Heatshield 101

Before buying any heatshield exhaust wrap, header pipe wrap, or other insulation it is imperative to educate yourself about the product and the application. The following information is intended to be a guide to help you decide which type of heat shield insulation is best for your application. We can provide you all the technical data for the product, but ultimately it is up to you to pick the best heatshield material or insulator for your application.

First things first, do your homework. Decide if you have a conductive heat issue or a radiant heat issue.
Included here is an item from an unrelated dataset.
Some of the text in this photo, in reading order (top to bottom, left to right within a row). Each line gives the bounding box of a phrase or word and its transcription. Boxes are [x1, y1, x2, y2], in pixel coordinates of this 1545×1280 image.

Conductive heat transmits heat from the heat source to a component by direct contact. Conductive heat is a little more difficult to manage. If you have such an application you can try using a heat insulator product to act as a thermal gasket or thermal break to help minimize the transfer of conductive heat from component to component.
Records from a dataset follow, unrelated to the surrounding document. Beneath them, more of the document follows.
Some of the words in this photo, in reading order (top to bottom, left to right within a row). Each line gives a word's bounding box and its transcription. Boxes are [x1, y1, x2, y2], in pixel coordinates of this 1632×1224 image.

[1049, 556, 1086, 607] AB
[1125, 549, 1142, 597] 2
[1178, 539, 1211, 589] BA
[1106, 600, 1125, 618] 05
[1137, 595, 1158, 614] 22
Radiant heat is heat that radiates from a heat source to a component that is not in direct contact with the heat source; instead it sits at a distance. Example: an exhaust pipe 1" away from a floor pan radiates heat up to the floor pan or into an engine room

Check your temperature ratings for your application(s). If you have access to an infrared temperature gun use it. Record the temperatures of the components you need protected and measure the temperatures of the heat source(s). In addition, measure the distance between the component you want to protect and the heat source. Taking these steps will help you make your decision between a heat shield insulator and a heat shield barrier. You would not buy a pair of cylinder heads or an intake manifold without finding the correct parts for your engine; do not do the same thing with thermal insulation. We at Heatshield do not want you to waste your money buying the wrong product. Therefore we will do everything within our ability to help you get the right product, at the right price, with the best service.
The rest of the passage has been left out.